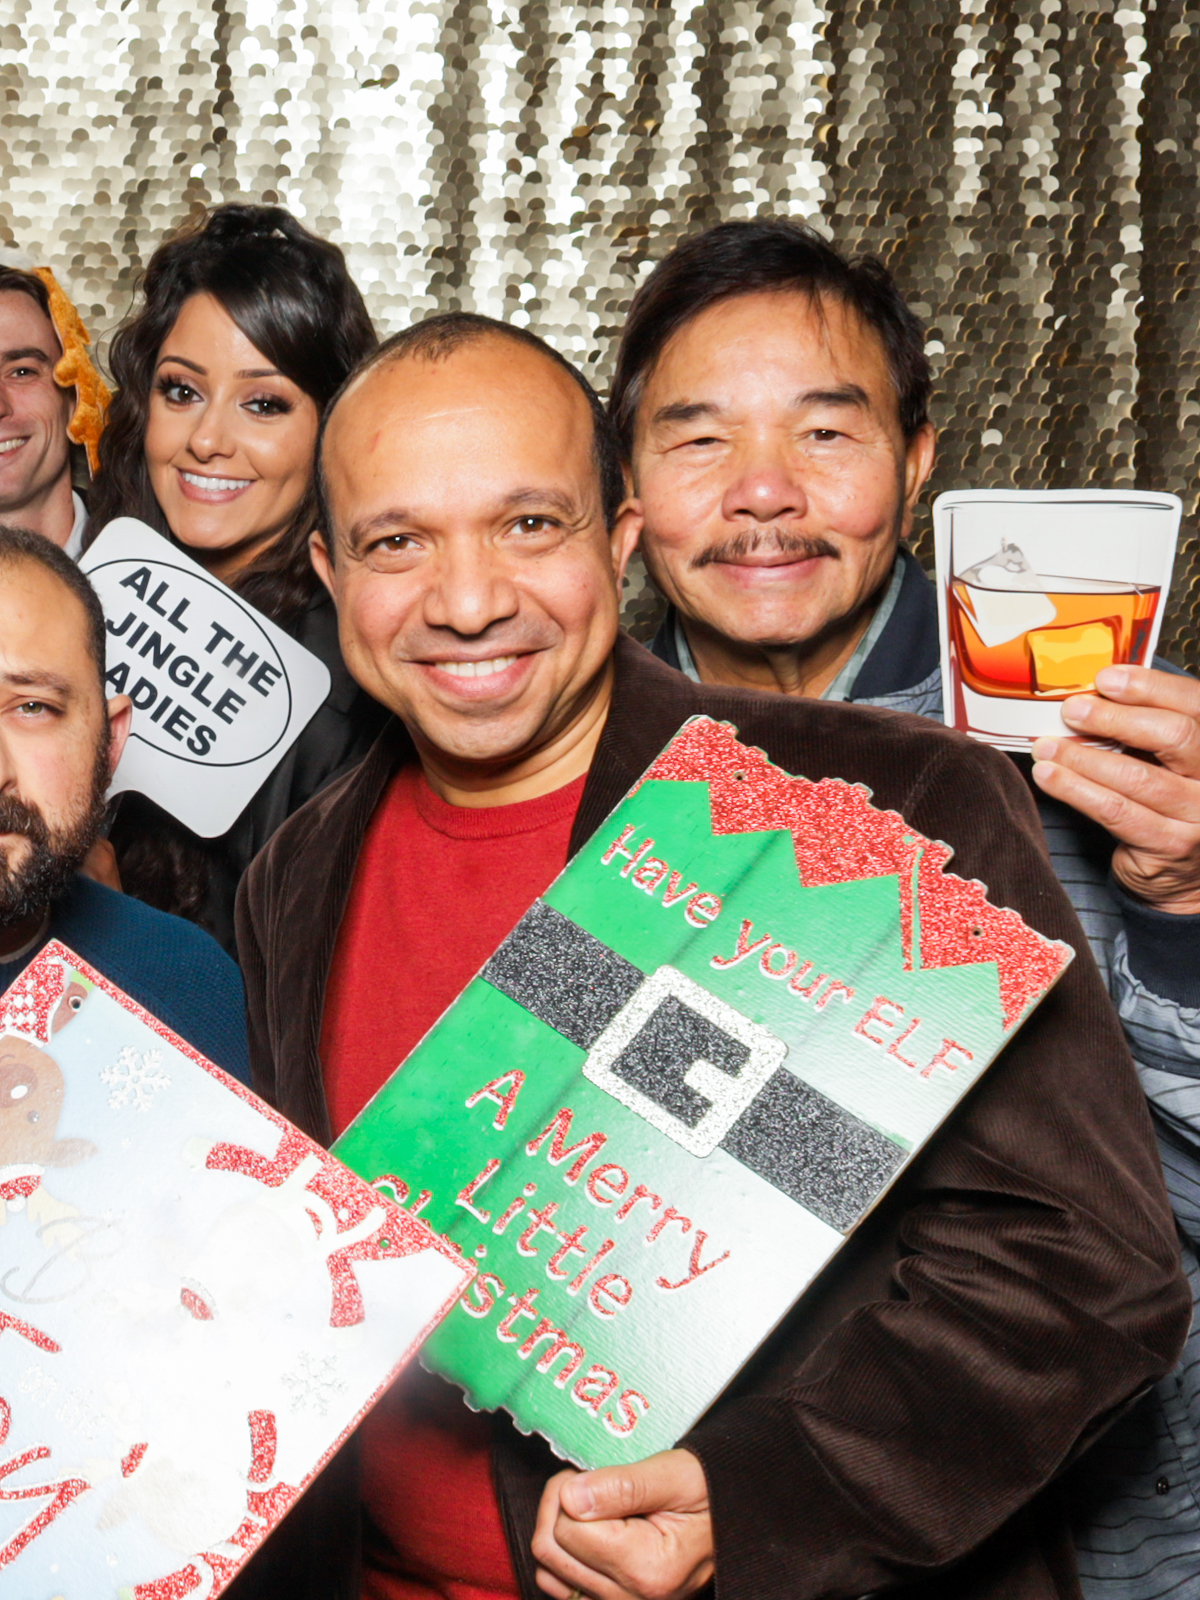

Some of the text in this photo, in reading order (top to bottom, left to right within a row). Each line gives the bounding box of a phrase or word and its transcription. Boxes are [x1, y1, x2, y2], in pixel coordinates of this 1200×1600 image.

[106, 612, 247, 725] JINGLE
[119, 566, 283, 697] ALL THE
[105, 661, 217, 756] ADIES
[600, 823, 974, 1082] Have your ELF
[455, 1158, 633, 1320] Little
[465, 1069, 731, 1290] A Merry

• • • • • • •

**Exercise aim:** Output all the material above exactly once more, leaving every picture out.

**Solution for this problem:**
Some of the text in this photo, in reading order (top to bottom, left to right within a row). Each line gives the bounding box of a phrase or word and its transcription. Boxes are [x1, y1, x2, y2], in pixel coordinates of this 1200×1600 image.

[106, 612, 247, 725] JINGLE
[119, 566, 283, 697] ALL THE
[105, 661, 217, 756] ADIES
[600, 823, 974, 1082] Have your ELF
[455, 1158, 633, 1320] Little
[465, 1069, 731, 1290] A Merry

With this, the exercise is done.